Retirees Targeted for Austerity
By Scott Morrow, Retiree Chapter Chairperson
Since the Reagan Administration, workers have been targeted for austerity. Under that President’s all-out war on workers, starting with his broken promises to PATCO, wages have been stagnant for the past 30 years. Unions have been decimated with trickledown or voodoo economics to the point that union membership fell from 24.1% of the U.S. work force in 1979 to 13.9% in 1998. This decline has continued to today with the Bureau of Labor. Statistics reporting only 11.3% of Americans enjoy a Union at work as of January 23rd.
Most of these Union jobs were in the public sector while in private industries we have dropped to less than seven percent of jobs being Union! You should all be aware that many states have passed legislation to ban public workers from being able to have a Union shop, thereby reducing how many workers can enjoy Union representation at work even more.
In addition to keeping workers in low paying dictatorial jobs, this trend reduces the Union’s role in getting out the vote and lobbying for worker friendly legislation. For APWU workers, our Union has done an amazing job of keeping your pay and benefits above inflation so that you are one of the few making a livable wage; but what about when you retire? Will your annuity and/or social security keep up with inflation?
In 1983, several laws were passed raising taxes, raising the retirement age, taxing retirement income and most notoriously, the windfall elimination provision that adversely affects most of our Postal Retirees to this day.

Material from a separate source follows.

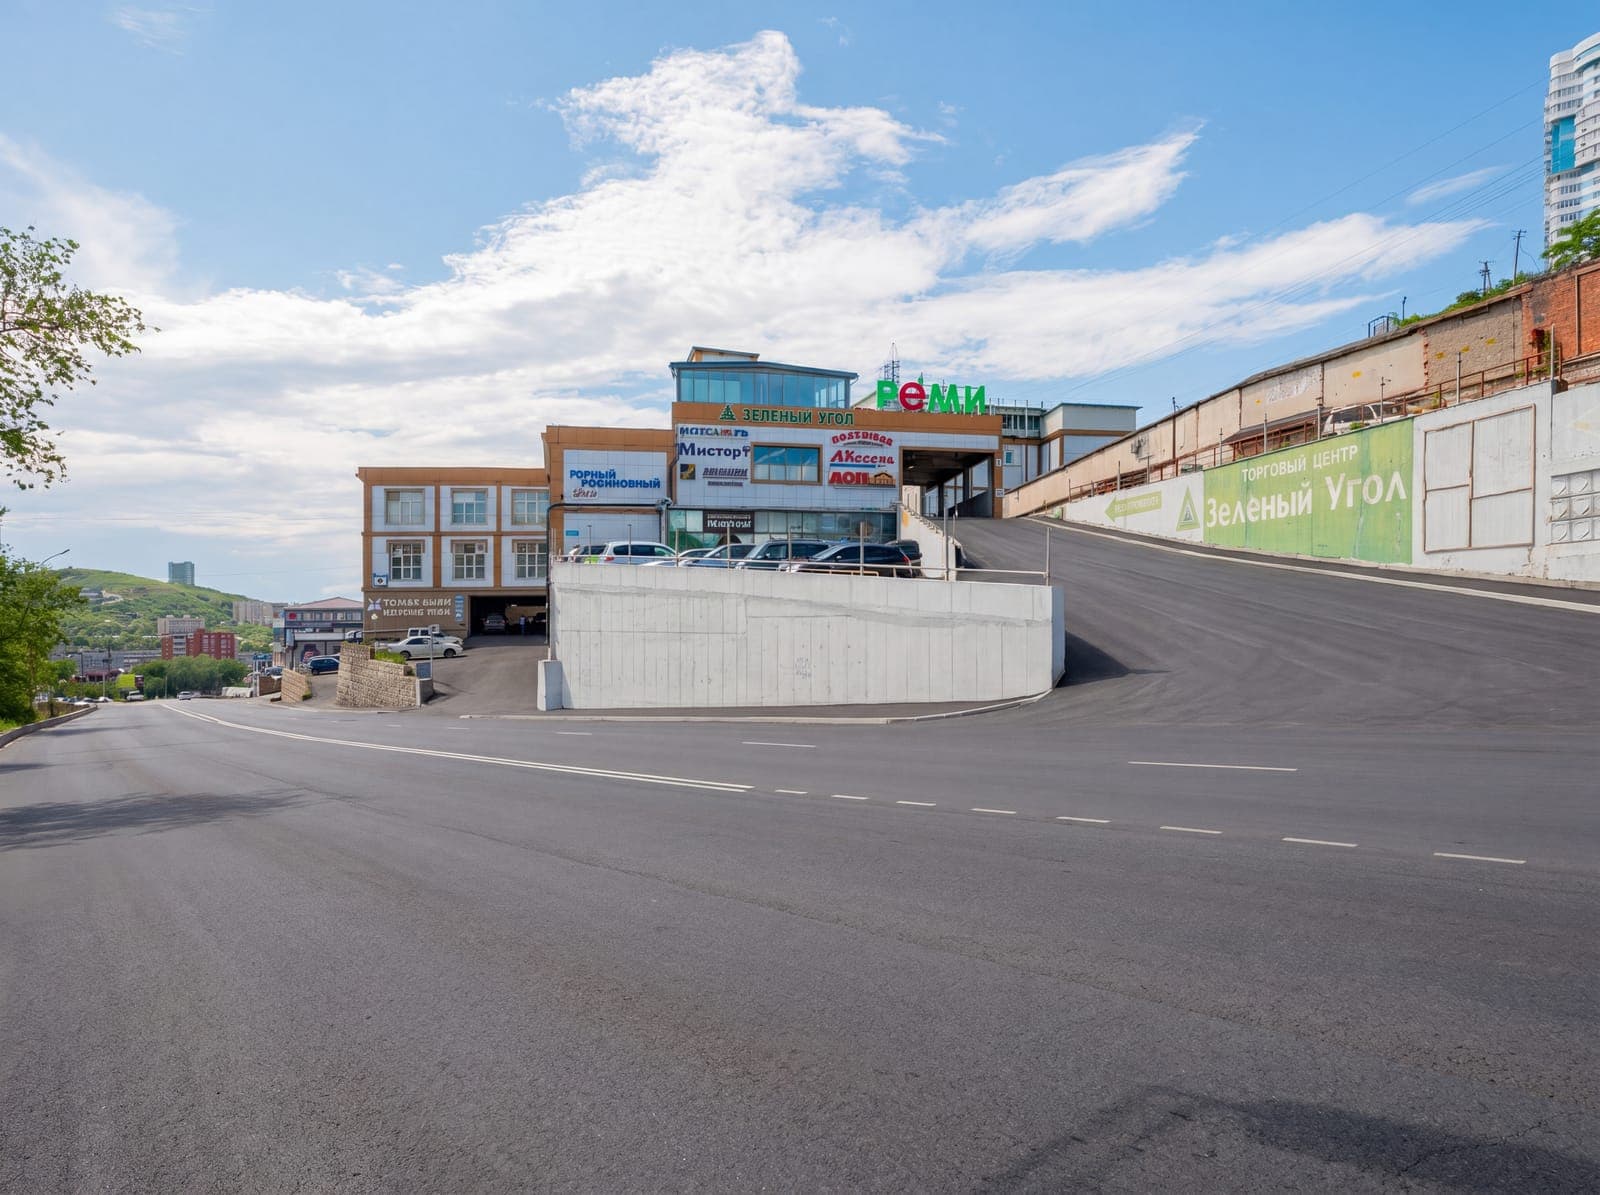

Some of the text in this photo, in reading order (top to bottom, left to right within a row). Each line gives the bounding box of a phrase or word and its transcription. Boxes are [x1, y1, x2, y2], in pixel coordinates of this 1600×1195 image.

[743, 408, 854, 425] ЗЕЛЕНЫЙ УГОЛ
[1242, 445, 1358, 482] ТОРГОВЫЙ ЦЕНТР
[1207, 480, 1313, 527] Зеленый

Sadly, with the current CPI-W (Consumer Price Index for Urban Workers) formula, most retired workers’ income rarely keeps up with inflation. CPI-W is used to calculate COLA’s for both Social Security and Federal Retirement Systems. Here is a breakdown of how this is calculated;
Housing: 41.4%, Food and Beverage: 17.4%, Transport: 17.0%, Medical Care: 6.9%, Other: 6.9%, Apparel: 6.0%, Entertainment: 4.4%.
A typical breakdown of what retired workers spend their retirement checks on would have medical care at the top with food and “other” (like heating bills) closely behind. Many retired workers are not in the market for housing as they have paid off their home or may live in low-income housing units. As you can see, their COLA is based on the stuff they no longer spend for because they no longer work, and “shorts” the spending areas they rely on to survive. The CPI-W calculates retirees’ COLAs on an upside down or backwards basis instead of an actual spending basis.
That is NOT all! There are numerous plans in Congress to reduce social security
payments, increase Medicare premiums and deductibles, raise the eligibility ages for retirement and social security, just to name a few. Those of you who are retired know this, while those of you getting close to retirement may not. These austerity measures affect all of us…our parents, uncles, aunts, grandparents, even our children.
The most disturbing issue right now on the table with Congress and the President is called “chained CPI”. The chained CPI is usually 0.25 to 0.30 percentage points lower each year, on average, than the standard CPI measurements, and almost completely eliminates medical cost inflation.
Let’s sum up here;
- unions are decimated
- workers haven’t had a raise in over 30 years
- the retirement age needs to be raised
- retirees haven’t kept up with inflation for the past 30 years
- now we are going to reduce COLA’s even further for retirees while we increase their medical costs?
Hope you can recognize the warning signs. Get active NOW!